**PROBLEM TO WORK ON:**
Nothing but the text of the records should come back; copy it exactly and leave the pictures out.

### DATA TO PROCESS

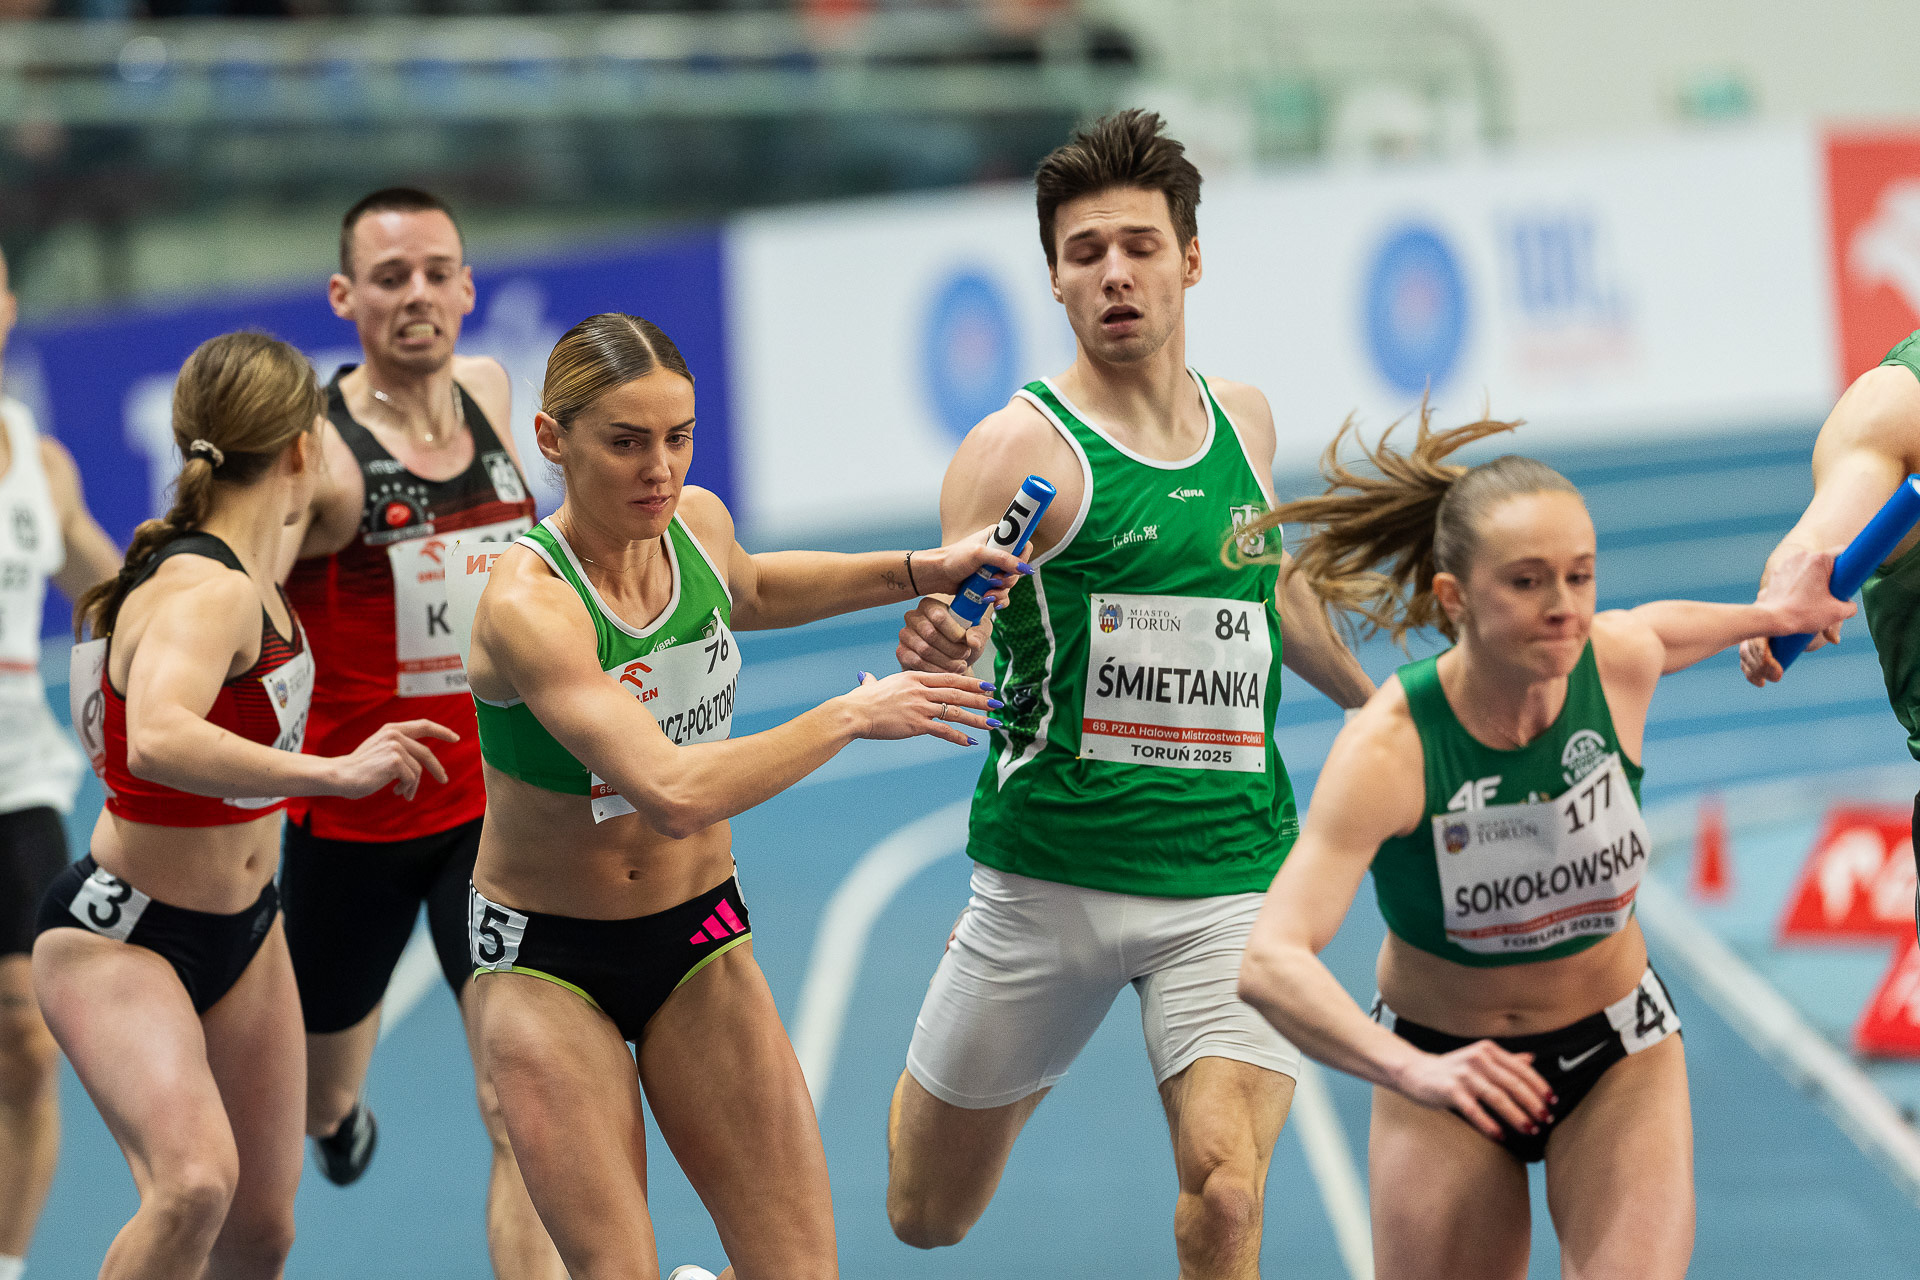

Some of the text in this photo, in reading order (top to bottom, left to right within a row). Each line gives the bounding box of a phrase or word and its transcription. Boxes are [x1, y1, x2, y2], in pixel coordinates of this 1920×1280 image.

[993, 499, 1031, 546] 5
[1127, 616, 1181, 632] TORUŃ
[1130, 609, 1170, 618] MIASTO
[1215, 608, 1251, 642] 84
[704, 627, 729, 675] 76
[1096, 656, 1260, 709] ŚMIETANKA
[1092, 721, 1262, 745] 69. PZLA Halowe Mistrzostwa Polski
[1131, 744, 1232, 763] TORUŃ 2025
[1564, 771, 1611, 835] 177
[1455, 829, 1645, 918] SOKOŁOWSKA
[87, 877, 133, 928] 3
[478, 904, 506, 964] 5
[1635, 983, 1667, 1039] 4
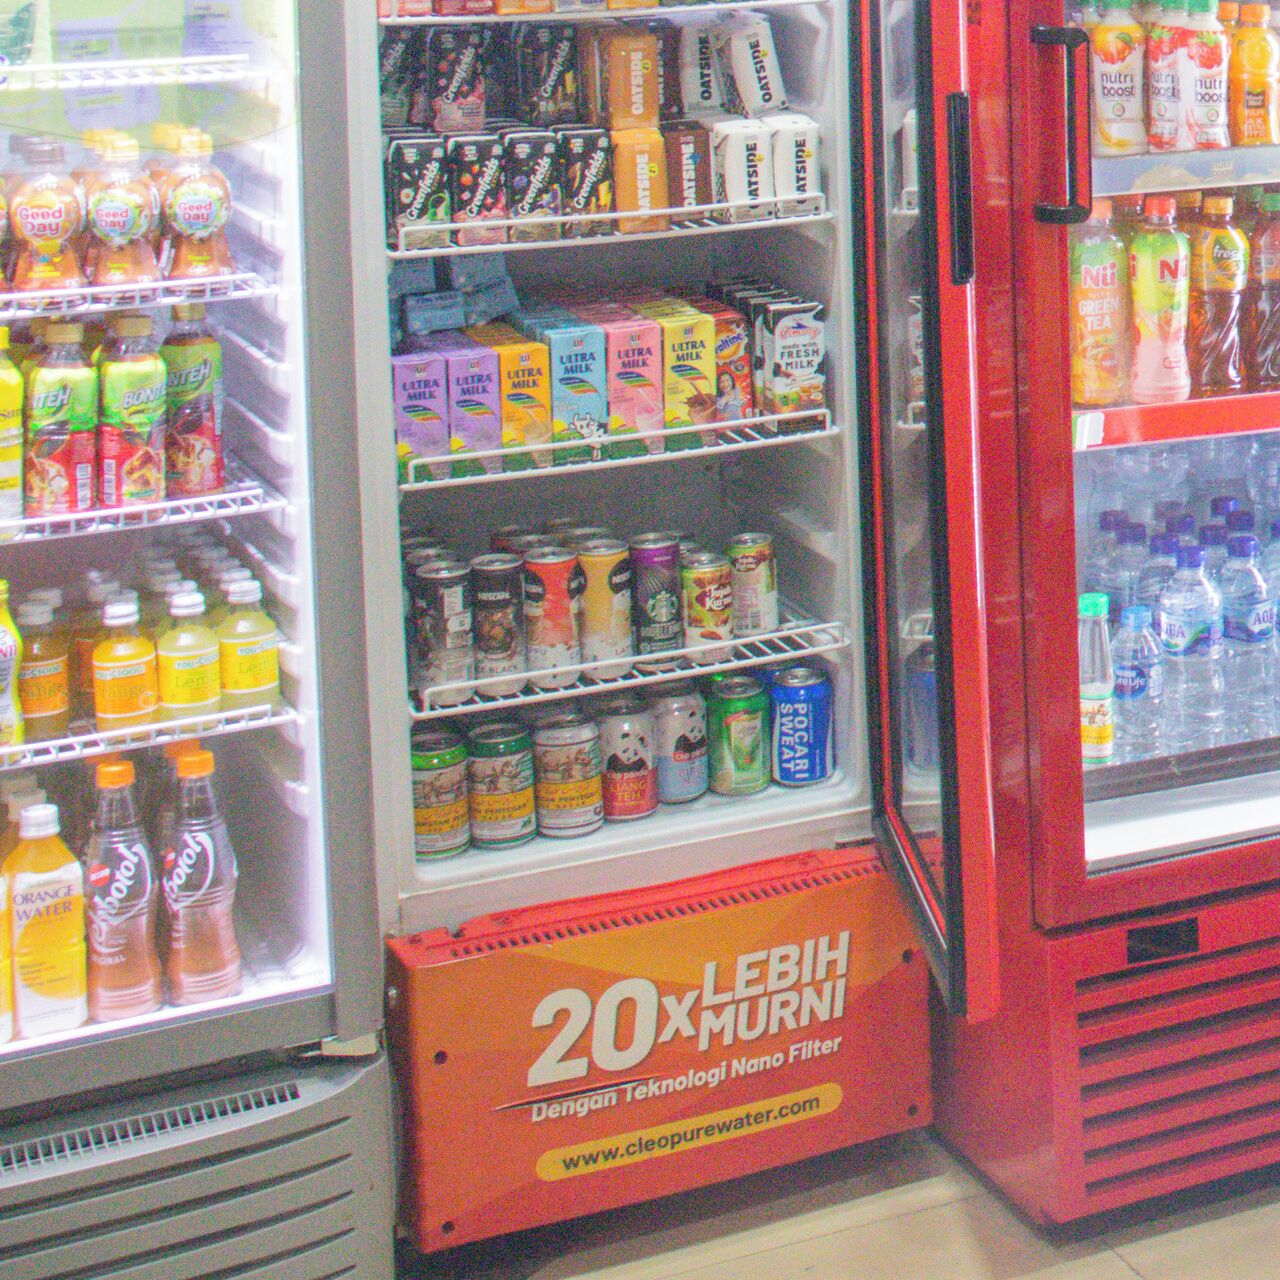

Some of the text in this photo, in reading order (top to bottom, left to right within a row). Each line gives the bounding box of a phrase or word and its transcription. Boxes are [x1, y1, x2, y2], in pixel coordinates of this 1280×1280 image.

[750, 38, 773, 104] OATSIDE
[1101, 72, 1134, 84] nutri
[630, 48, 643, 116] OATSIDE
[1102, 85, 1135, 97] boost
[406, 159, 441, 221] Greenfields
[466, 158, 499, 218] Greenfields
[19, 206, 63, 222] Good
[95, 207, 129, 221] Good
[178, 201, 213, 214] Good
[100, 218, 126, 232] Day
[182, 211, 210, 223] Day
[23, 220, 60, 236] Day
[1078, 297, 1119, 316] GREEN
[1085, 312, 1112, 332] TEA
[779, 349, 820, 360] FRESH
[506, 367, 543, 381] ULTRA
[564, 362, 593, 375] MILK
[401, 377, 440, 390] ULTRA
[455, 373, 493, 387] ULTRA
[510, 376, 540, 389] MILK
[406, 388, 437, 401] MILK
[460, 383, 489, 396] MILK
[779, 701, 795, 775] SWEAT
[793, 699, 811, 781] POCARI
[13, 884, 75, 906] ORANGE
[16, 901, 73, 920] WATER
[701, 930, 851, 1008] LEBIH
[698, 975, 847, 1052] MURNI
[526, 976, 700, 1088] 20x
[531, 1035, 842, 1123] Dengan Teknologi Nano Filter
[561, 1092, 821, 1172] www.cleopurewater.com
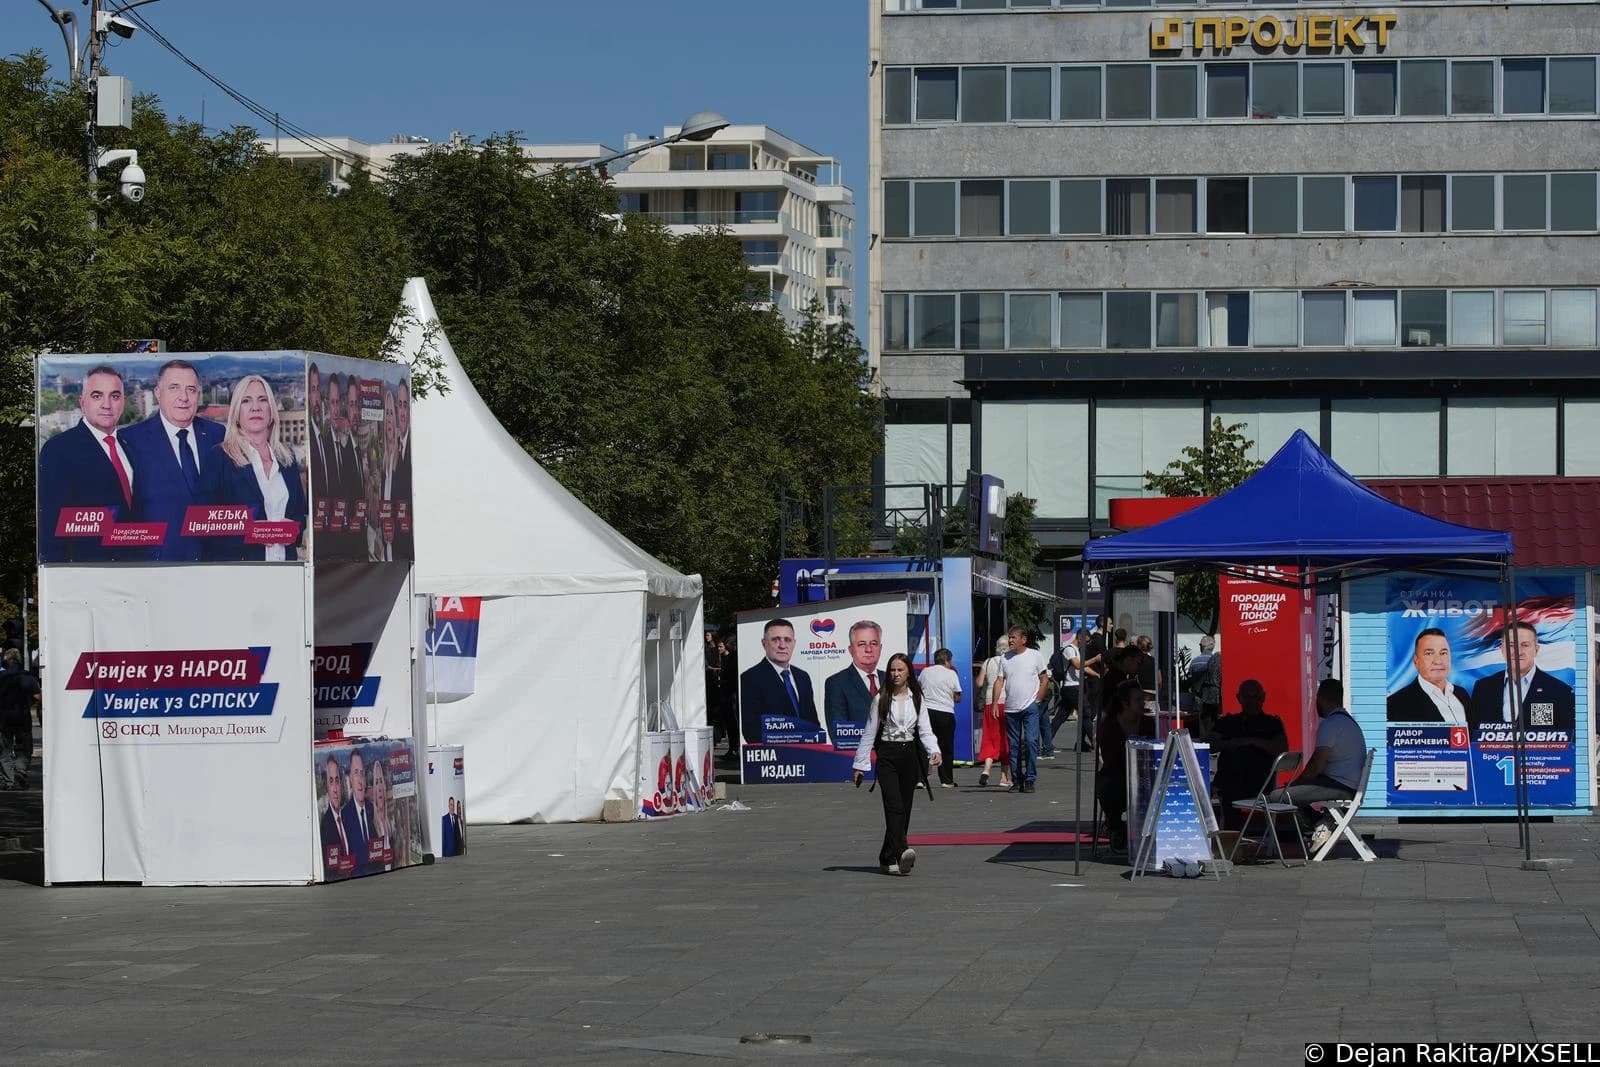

######

**ANSWER FOR THE TASK:**
Some of the text in this photo, in reading order (top to bottom, left to right within a row). Each line gives the bounding box of a phrase or word and its transcription. Boxes are [x1, y1, x2, y2], in pixel coordinates of this 1920×1280 image.

[993, 499, 1031, 546] 5
[1127, 616, 1181, 632] TORUŃ
[1130, 609, 1170, 618] MIASTO
[1215, 608, 1251, 642] 84
[704, 627, 729, 675] 76
[1096, 656, 1260, 709] ŚMIETANKA
[1092, 721, 1262, 745] 69. PZLA Halowe Mistrzostwa Polski
[1131, 744, 1232, 763] TORUŃ 2025
[1564, 771, 1611, 835] 177
[1455, 829, 1645, 918] SOKOŁOWSKA
[87, 877, 133, 928] 3
[478, 904, 506, 964] 5
[1635, 983, 1667, 1039] 4

Some of the text in this photo, in reading order (top to bottom, left to right within a row). Each line gives the bounding box of a phrase or word and its transcription. Boxes are [x1, y1, x2, y2], in pixel coordinates of this 1280×1280 image.

[750, 38, 773, 104] OATSIDE
[1101, 72, 1134, 84] nutri
[630, 48, 643, 116] OATSIDE
[1102, 85, 1135, 97] boost
[406, 159, 441, 221] Greenfields
[466, 158, 499, 218] Greenfields
[19, 206, 63, 222] Good
[95, 207, 129, 221] Good
[178, 201, 213, 214] Good
[100, 218, 126, 232] Day
[182, 211, 210, 223] Day
[23, 220, 60, 236] Day
[1078, 297, 1119, 316] GREEN
[1085, 312, 1112, 332] TEA
[779, 349, 820, 360] FRESH
[506, 367, 543, 381] ULTRA
[564, 362, 593, 375] MILK
[401, 377, 440, 390] ULTRA
[455, 373, 493, 387] ULTRA
[510, 376, 540, 389] MILK
[406, 388, 437, 401] MILK
[460, 383, 489, 396] MILK
[779, 701, 795, 775] SWEAT
[793, 699, 811, 781] POCARI
[13, 884, 75, 906] ORANGE
[16, 901, 73, 920] WATER
[701, 930, 851, 1008] LEBIH
[698, 975, 847, 1052] MURNI
[526, 976, 700, 1088] 20x
[531, 1035, 842, 1123] Dengan Teknologi Nano Filter
[561, 1092, 821, 1172] www.cleopurewater.com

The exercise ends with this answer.